There’s a pressing need for startups to innovate around these areas of weakness to improve care for all groups of people. Rock Health’s report focuses on digital health innovation targeting groups that the healthcare system has marginalized, including rural communities, Medicaid beneficiaries, women of color and LGBTQ+ individuals.
The report’s authors discuss over a dozen startups tackling the above areas, but here are my favorite startups they mentioned. Tackling rural communities is Origin Healthcare, which is bringing hospital-level care to patients’ homes. A couple of months ago I dove into Hospital at Home care models and why they’re becoming so popular. It wouldn’t surprise me if more companies like Origin Healthcare start sprouting up as the Hospital at Home trend continues.
Icario Health is a health action platform focused on Medicaid and Medicare populations.

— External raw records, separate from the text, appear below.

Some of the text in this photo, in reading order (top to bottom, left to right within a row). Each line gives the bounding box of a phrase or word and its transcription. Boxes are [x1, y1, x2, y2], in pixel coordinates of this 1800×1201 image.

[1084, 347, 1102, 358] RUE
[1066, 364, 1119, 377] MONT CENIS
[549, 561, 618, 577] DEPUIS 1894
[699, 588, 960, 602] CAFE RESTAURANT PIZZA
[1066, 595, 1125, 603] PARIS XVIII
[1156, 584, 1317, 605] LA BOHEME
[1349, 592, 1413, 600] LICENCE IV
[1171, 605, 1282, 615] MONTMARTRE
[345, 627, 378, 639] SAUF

They use a multi-channel engagement approach to connect people to their health and are seeing rapid growth. I also love where their name comes from.

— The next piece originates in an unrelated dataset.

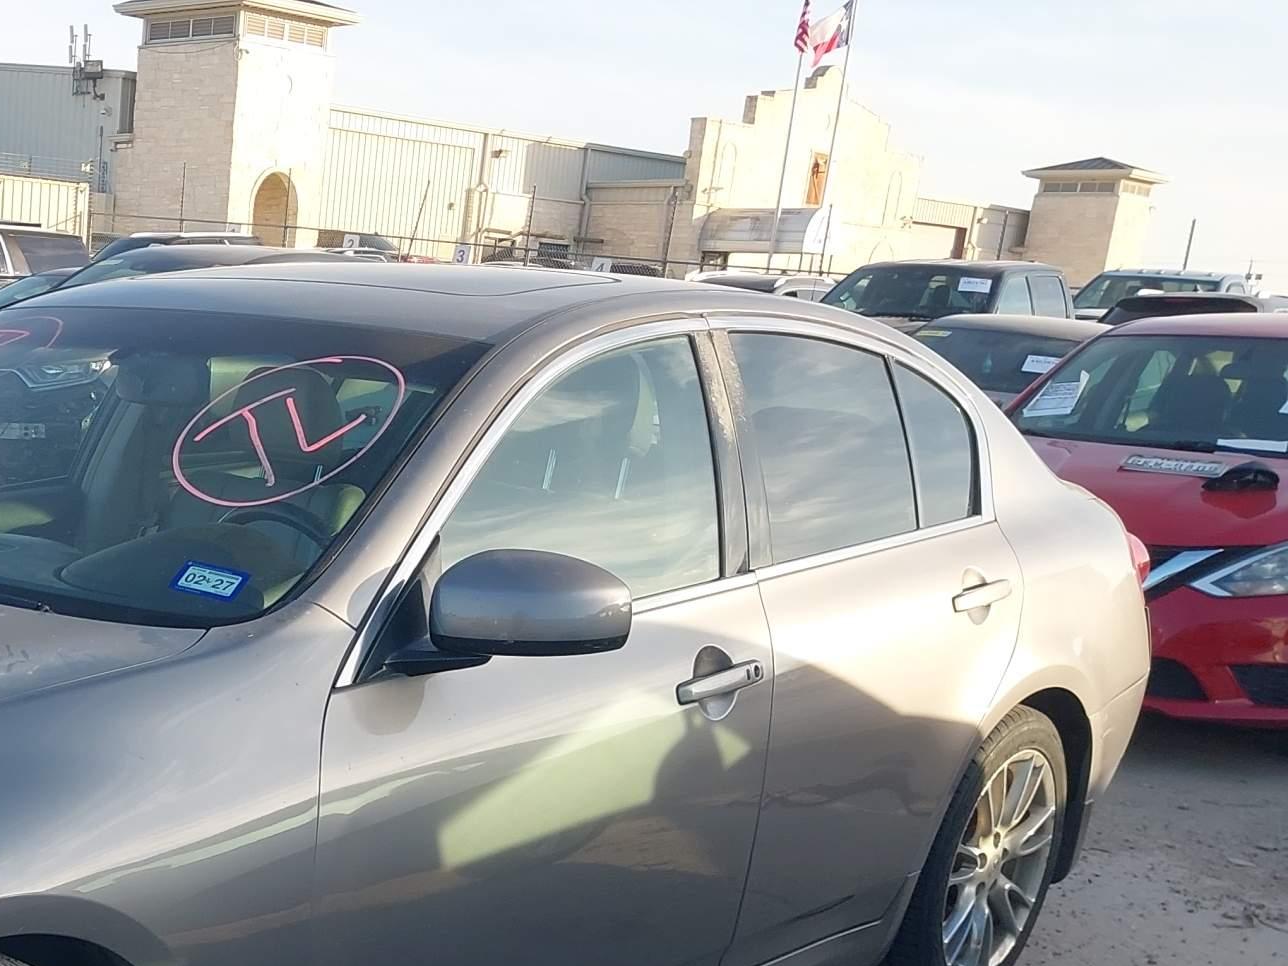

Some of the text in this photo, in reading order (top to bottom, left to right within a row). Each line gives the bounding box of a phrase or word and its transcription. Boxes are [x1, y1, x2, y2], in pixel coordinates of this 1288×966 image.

[456, 249, 466, 263] 3
[193, 387, 368, 487] TL
[211, 578, 235, 591] 27

Mae is focused on an area of healthcare that no one (like the government) seems to be doing anything about: maternal health for Black women. Maternal mortality rates for Black women are three times higher than average, a disparity that has persisted for decades. Mae addresses this problem by providing pregnancy and postpartum support tailored to Black women’s needs. We need more startups like Mae.

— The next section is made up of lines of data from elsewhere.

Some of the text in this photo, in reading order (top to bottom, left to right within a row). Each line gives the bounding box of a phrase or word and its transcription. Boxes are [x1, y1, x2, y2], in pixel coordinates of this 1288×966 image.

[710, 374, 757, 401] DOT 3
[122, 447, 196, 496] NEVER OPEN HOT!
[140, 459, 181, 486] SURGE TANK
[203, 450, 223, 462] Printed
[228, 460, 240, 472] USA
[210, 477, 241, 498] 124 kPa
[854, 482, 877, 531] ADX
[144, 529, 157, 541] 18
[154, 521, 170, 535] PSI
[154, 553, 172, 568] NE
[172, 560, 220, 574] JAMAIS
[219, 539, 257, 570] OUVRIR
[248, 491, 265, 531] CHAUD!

Lastly, Violet’s educational platform helps providers grow and develop their LGBTQ+ cultural competency. They also have a benchmarking tool to evaluate team member’s progress. I like Violet’s mission. It adds structure to developing people’s cultural competency without having them attend sporadic, hour-long didactic sessions where people seldom pay attention or just forget everything they learned as soon as the session ends.
OUTSIDE THE HUDDLE
- Check out Blake Madden’s article on physician enablement care platform. These platforms offer physicians a higher level of autonomy without a lot of the headache that comes with owning a private practice.
- The good news: a study from Brigham and Women’s found a significant improvement in physician-reported patient safety after limiting first-year residents to 16 hours of consecutive work. The bad news: this policy was reversed in 2011. Resident work hours have always been an ongoing debate. At least the 80-hour work-week limit introduced in 2003 is still alive and well.
- By now, you’ve probably seen the words Monkeypox in your Twitter feed. The good news: we do know far more about Monkeypox than we did about Covid-19 at first. This isn’t the first time it’s spread in the US, and previous outbreaks were limited to dozens of cases. The bad news: there are cases not linked to travel from endemic countries (read: possible community spread), and we don’t know how large this outbreak will become.
- The growing number of unexplained hepatitis cases in pediatric patients has also gained worldwide attention. There have been 600 cases and 14 deaths worldwide. There have been 180 cases and six deaths in the U.S. alone, with 15 patients receiving liver transplants. Scientists are looking into an adenovirus strain as the culprit, but the cause is still largely unknown.
- Osmind, an EHR system geared towards mental health, secured a $40 million Series B. While Epic and Cerner’s systems dominate large health systems, Osmind may find a welcome home among smaller practices that provide mental health care.